Referring expression grounding data:
-- Opening Marker --

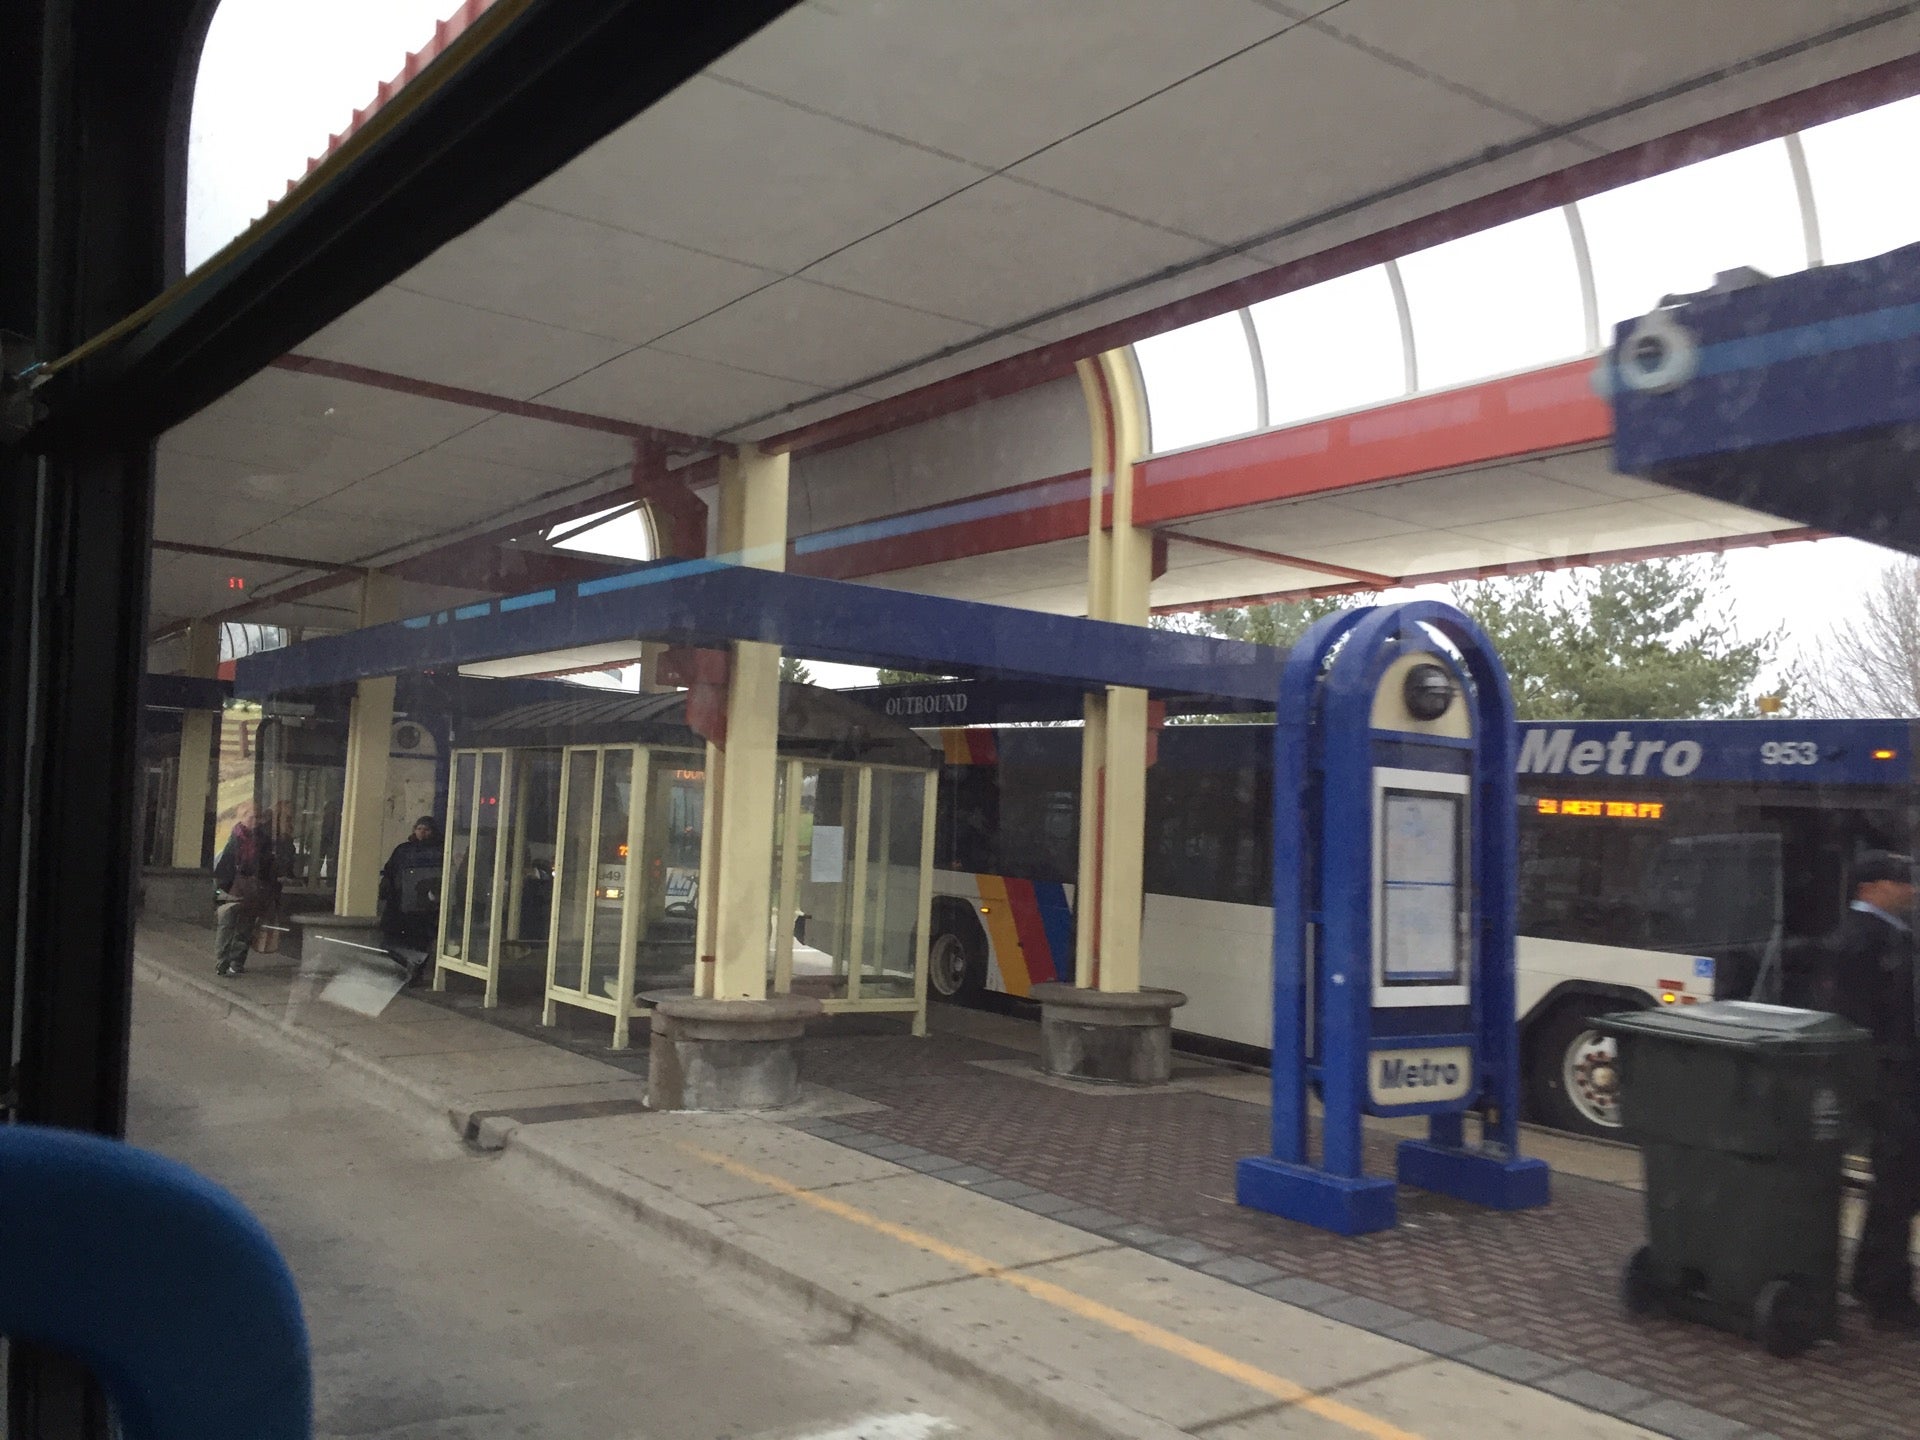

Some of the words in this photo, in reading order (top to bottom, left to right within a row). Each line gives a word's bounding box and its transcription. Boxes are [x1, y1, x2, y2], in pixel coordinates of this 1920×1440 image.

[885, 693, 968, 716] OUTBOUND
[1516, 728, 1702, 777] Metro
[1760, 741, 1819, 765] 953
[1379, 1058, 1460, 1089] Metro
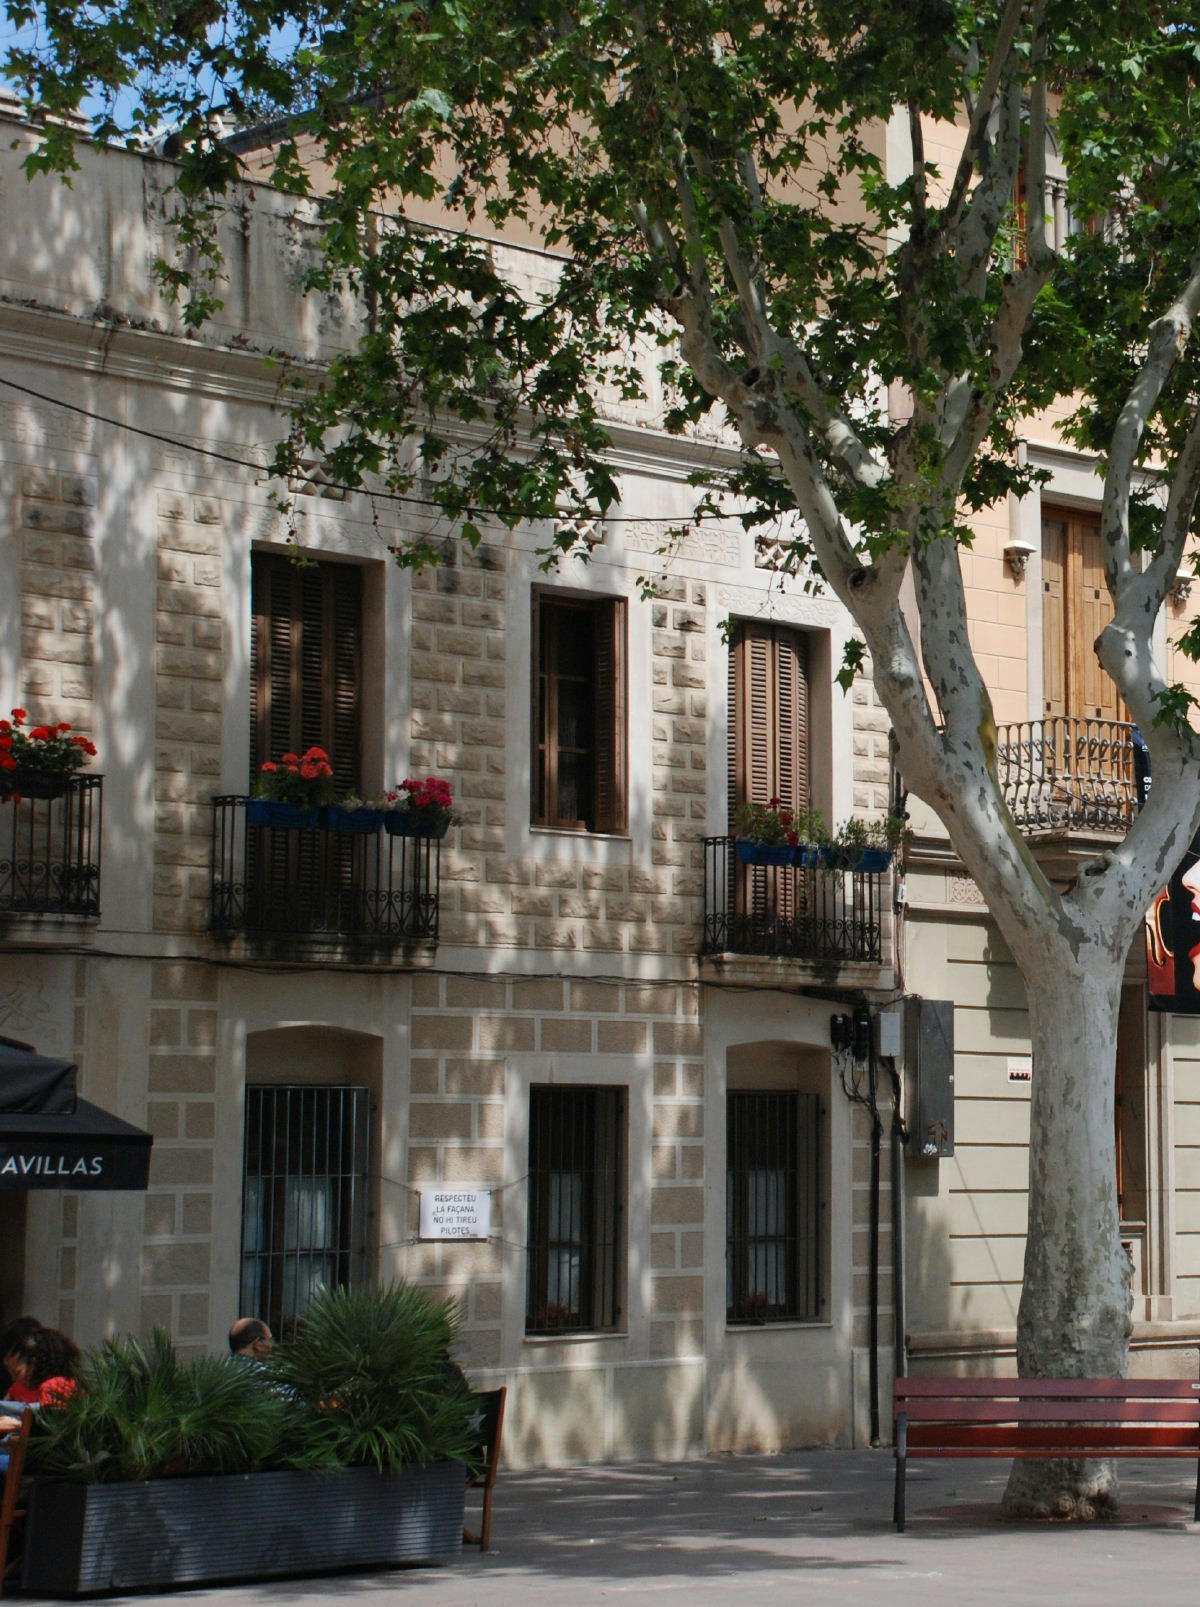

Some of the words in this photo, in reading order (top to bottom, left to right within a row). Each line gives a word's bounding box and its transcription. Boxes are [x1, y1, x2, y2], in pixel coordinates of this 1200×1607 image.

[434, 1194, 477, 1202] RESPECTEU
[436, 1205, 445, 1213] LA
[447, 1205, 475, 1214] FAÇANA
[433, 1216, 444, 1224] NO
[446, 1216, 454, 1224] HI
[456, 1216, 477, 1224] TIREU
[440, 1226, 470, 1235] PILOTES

-- Closing Marker --

> The problem: All records must be output exactly as they are, except for the pictures, which are left out.

> Result for this exercise:
Some of the words in this photo, in reading order (top to bottom, left to right within a row). Each line gives a word's bounding box and its transcription. Boxes are [x1, y1, x2, y2], in pixel coordinates of this 1920×1440 image.

[885, 693, 968, 716] OUTBOUND
[1516, 728, 1702, 777] Metro
[1760, 741, 1819, 765] 953
[1379, 1058, 1460, 1089] Metro

Some of the words in this photo, in reading order (top to bottom, left to right within a row). Each line gives a word's bounding box and its transcription. Boxes are [x1, y1, x2, y2], in pixel coordinates of this 1200×1607 image.

[434, 1194, 477, 1202] RESPECTEU
[436, 1205, 445, 1213] LA
[447, 1205, 475, 1214] FAÇANA
[433, 1216, 444, 1224] NO
[446, 1216, 454, 1224] HI
[456, 1216, 477, 1224] TIREU
[440, 1226, 470, 1235] PILOTES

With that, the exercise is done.